In the course of researching a post about funny NBA quotes, I stumbled upon an interesting story pertaining to Utah's sweep of the L.A. Lakers in the 1998 Western Conference Finals. At the end of a Lakers' practice during that series, the team gathered together for the usual "1,2,3, team" chant--but Nick Van Exel ad-libbed "1,2,3, Cancun," in reference to the team's impending summer vacation. That quip has often been cited as evidence that Van Exel quit on the team, an impression reinforced by the fact that the Lakers soon traded him to Denver. However, prior to Van Exel's first game as a Nugget against the Lakers, he insisted that his famous line was a joke, not a surrender: "I say things all the time as far as, 'Well, this is my last game with you guys. See you again when I come in here with 40,' just to keep guys loose and laughing. It’s just when things are going wrong, somebody says something wrong, especially me, it seems to be blown out of proportion and people get to finger-pointing. Everyone who was in that locker room with me knows I’d never give up on the team. But finger-pointing happens. I never meant anything wrong."
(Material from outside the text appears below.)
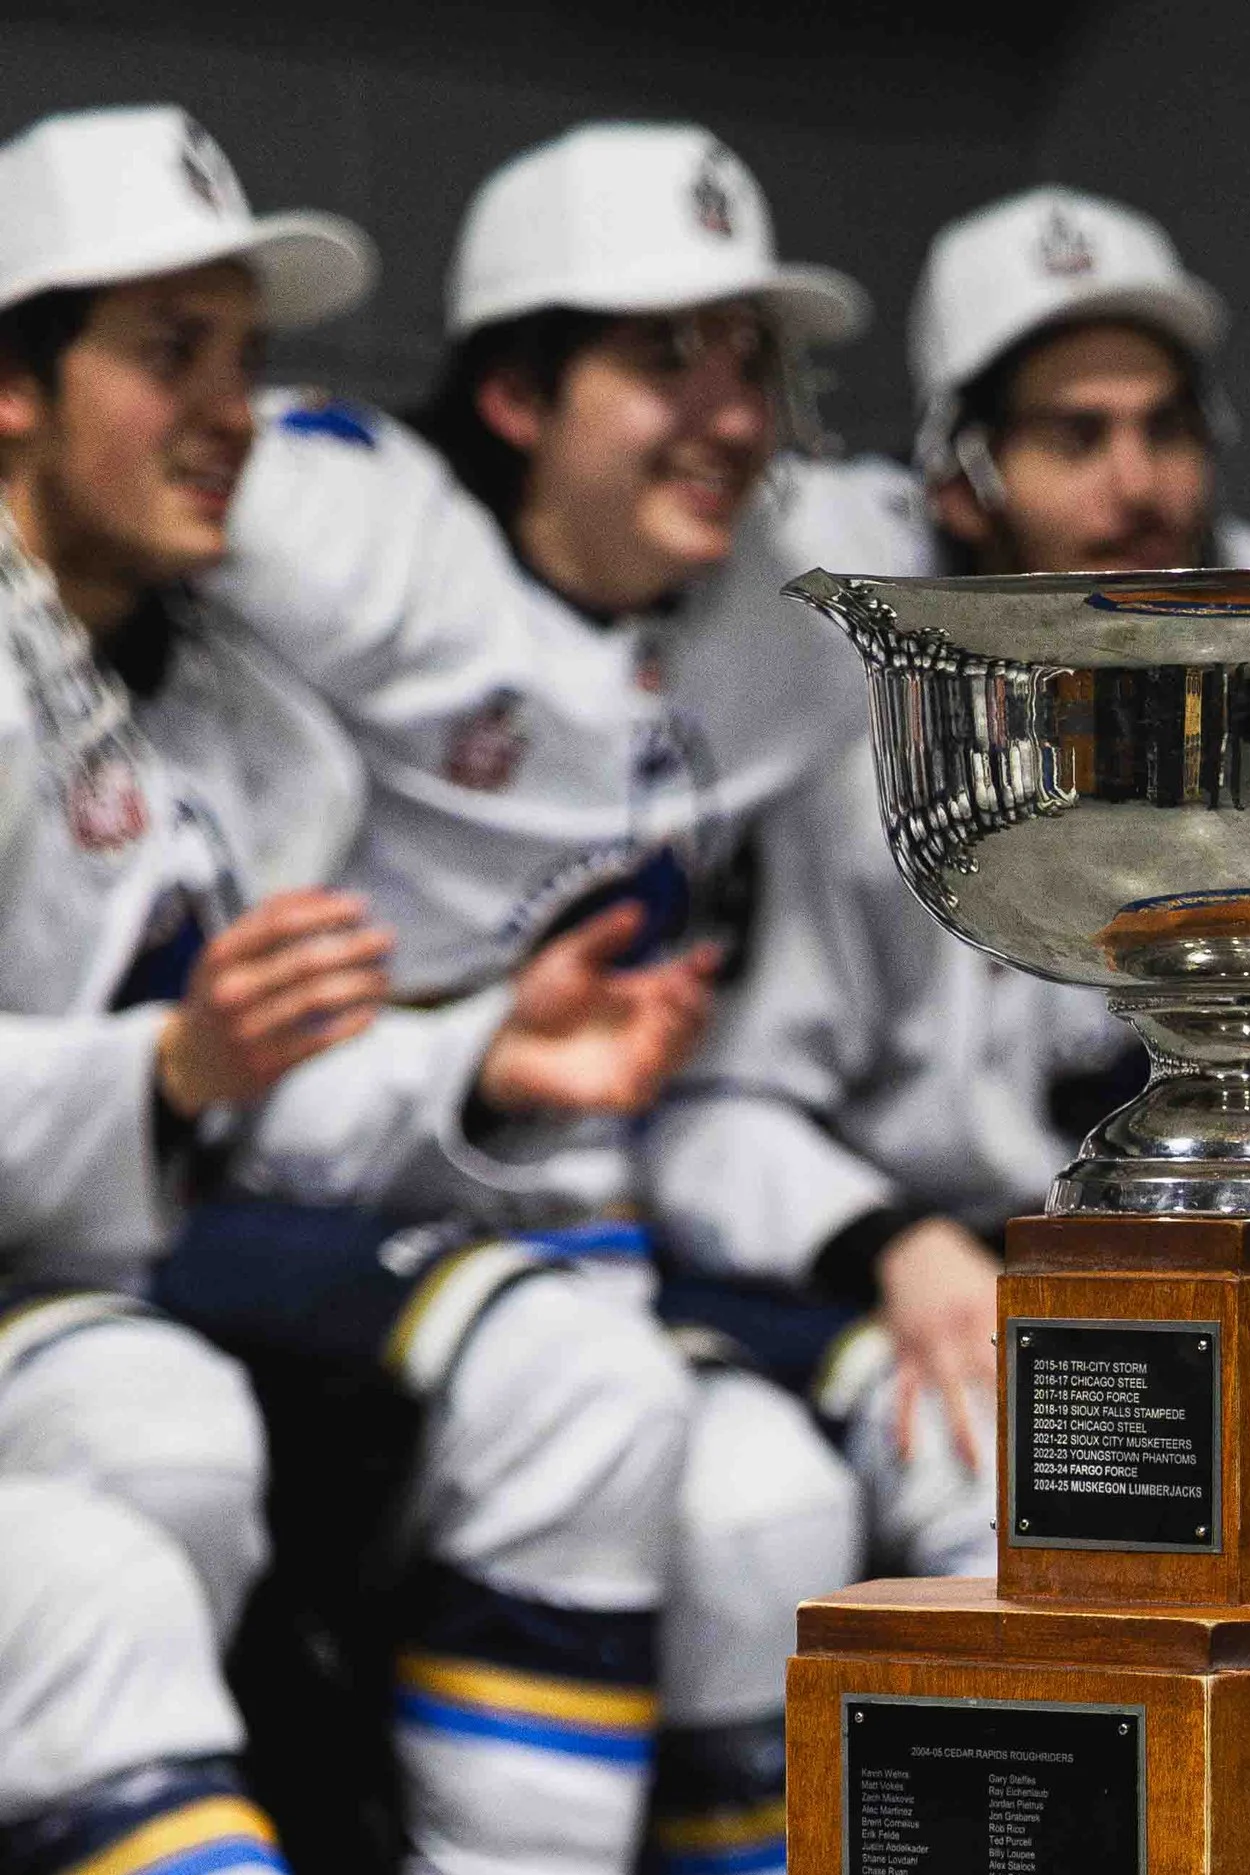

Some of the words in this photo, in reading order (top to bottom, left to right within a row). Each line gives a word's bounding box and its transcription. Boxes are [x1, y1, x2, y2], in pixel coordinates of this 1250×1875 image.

Van Exel voluntarily gave up his starting spot to Derek Fisher late in the 1998 season, a move that was also interpreted in some quarters as a sign that Van Exel was quitting, a charge that Van Exel emphatically rejected: "Well, I’m sure they’re going to look at it as far as trying to get me out of there, blame it on me as excuse. Derek, throughout the season, his confidence was going up and down, up and down. So I figured if he was starting, his confidence would be up...I’m always going to have confidence. I guess they didn’t see it that way. I guess they felt I was giving up."

Van Exel did not come close to scoring 40 points in his first game against the Lakers; he had nine points and 10 assists in a 103-98 Denver loss. Less than two weeks later, he had 16 points and 13 assists in a 117-113 Denver win. Van Exel dropped 41 points, nine assists and eight rebounds on the Lakers in the third meeting of the season between the teams but Denver lost 117-104.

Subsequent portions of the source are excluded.